• THE TASK:
A word-for-word copy of the records is needed, with every picture left out.

Collected data
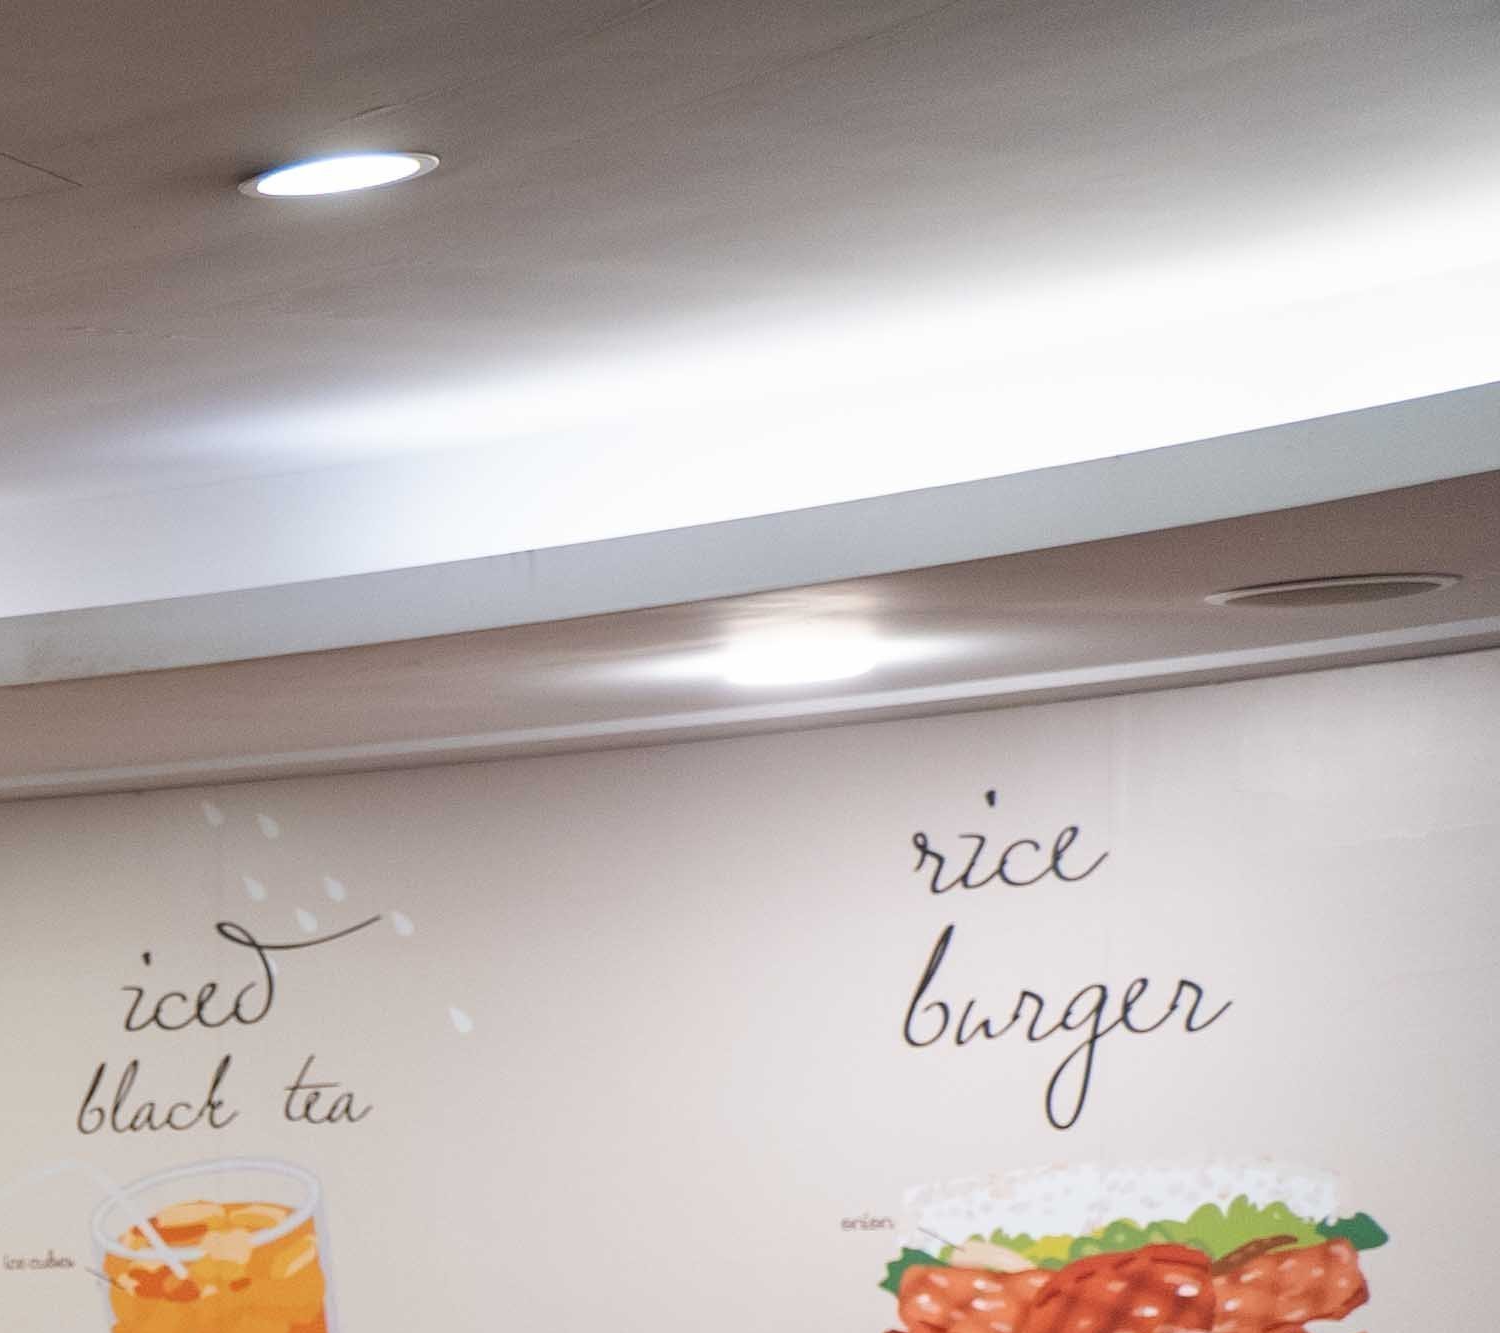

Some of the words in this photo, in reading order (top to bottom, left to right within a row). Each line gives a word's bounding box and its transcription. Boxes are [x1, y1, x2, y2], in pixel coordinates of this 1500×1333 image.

[911, 788, 1110, 894] rice
[120, 914, 382, 1032] iced
[901, 924, 1235, 1130] burger
[77, 1054, 241, 1135] black
[284, 1054, 374, 1126] tea
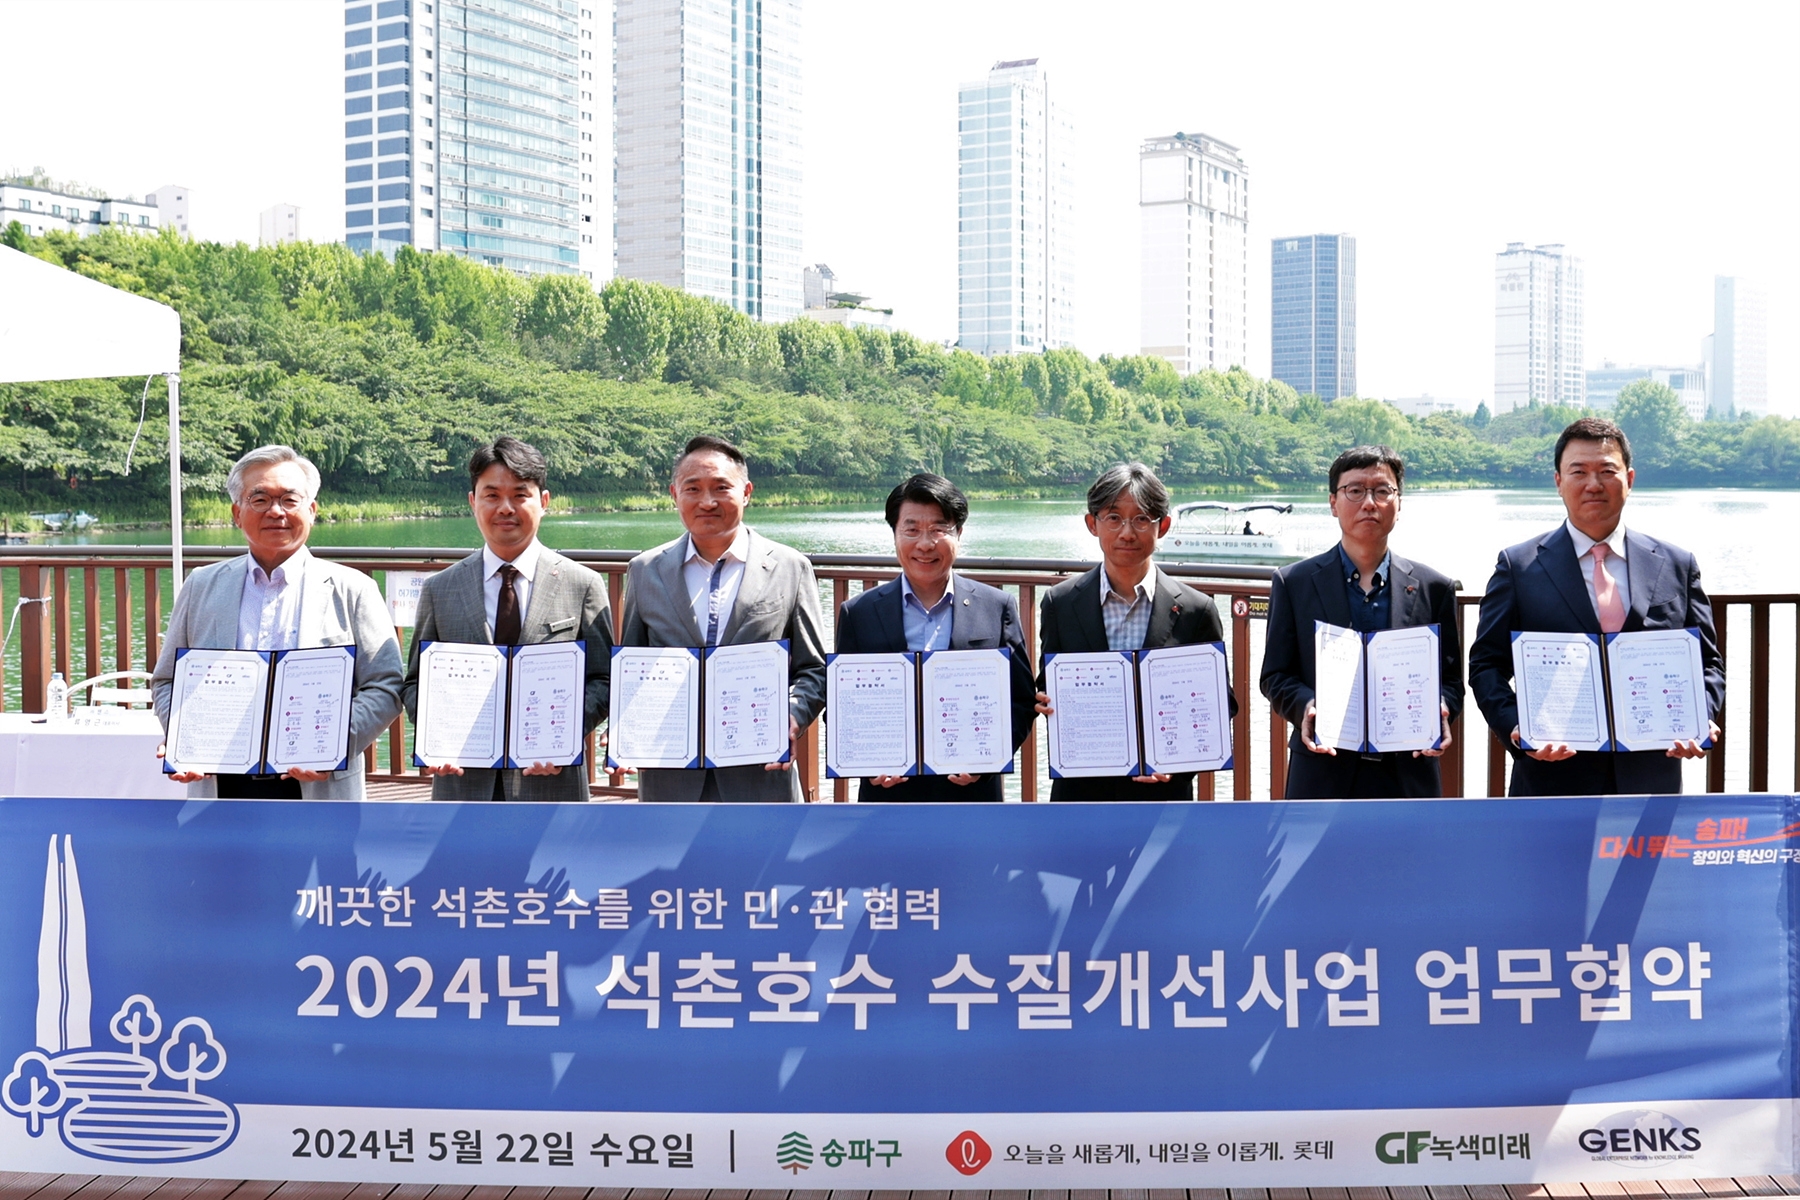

• OUTPUT:
Some of the words in this photo, in reading order (top to bottom, left to right within a row). Each line gives a word's bounding box and its transcription. Boxes are [x1, y1, x2, y2], in pixel coordinates of this 1500×1333 image.

[911, 788, 1110, 894] rice
[120, 914, 382, 1032] iced
[901, 924, 1235, 1130] burger
[77, 1054, 241, 1135] black
[284, 1054, 374, 1126] tea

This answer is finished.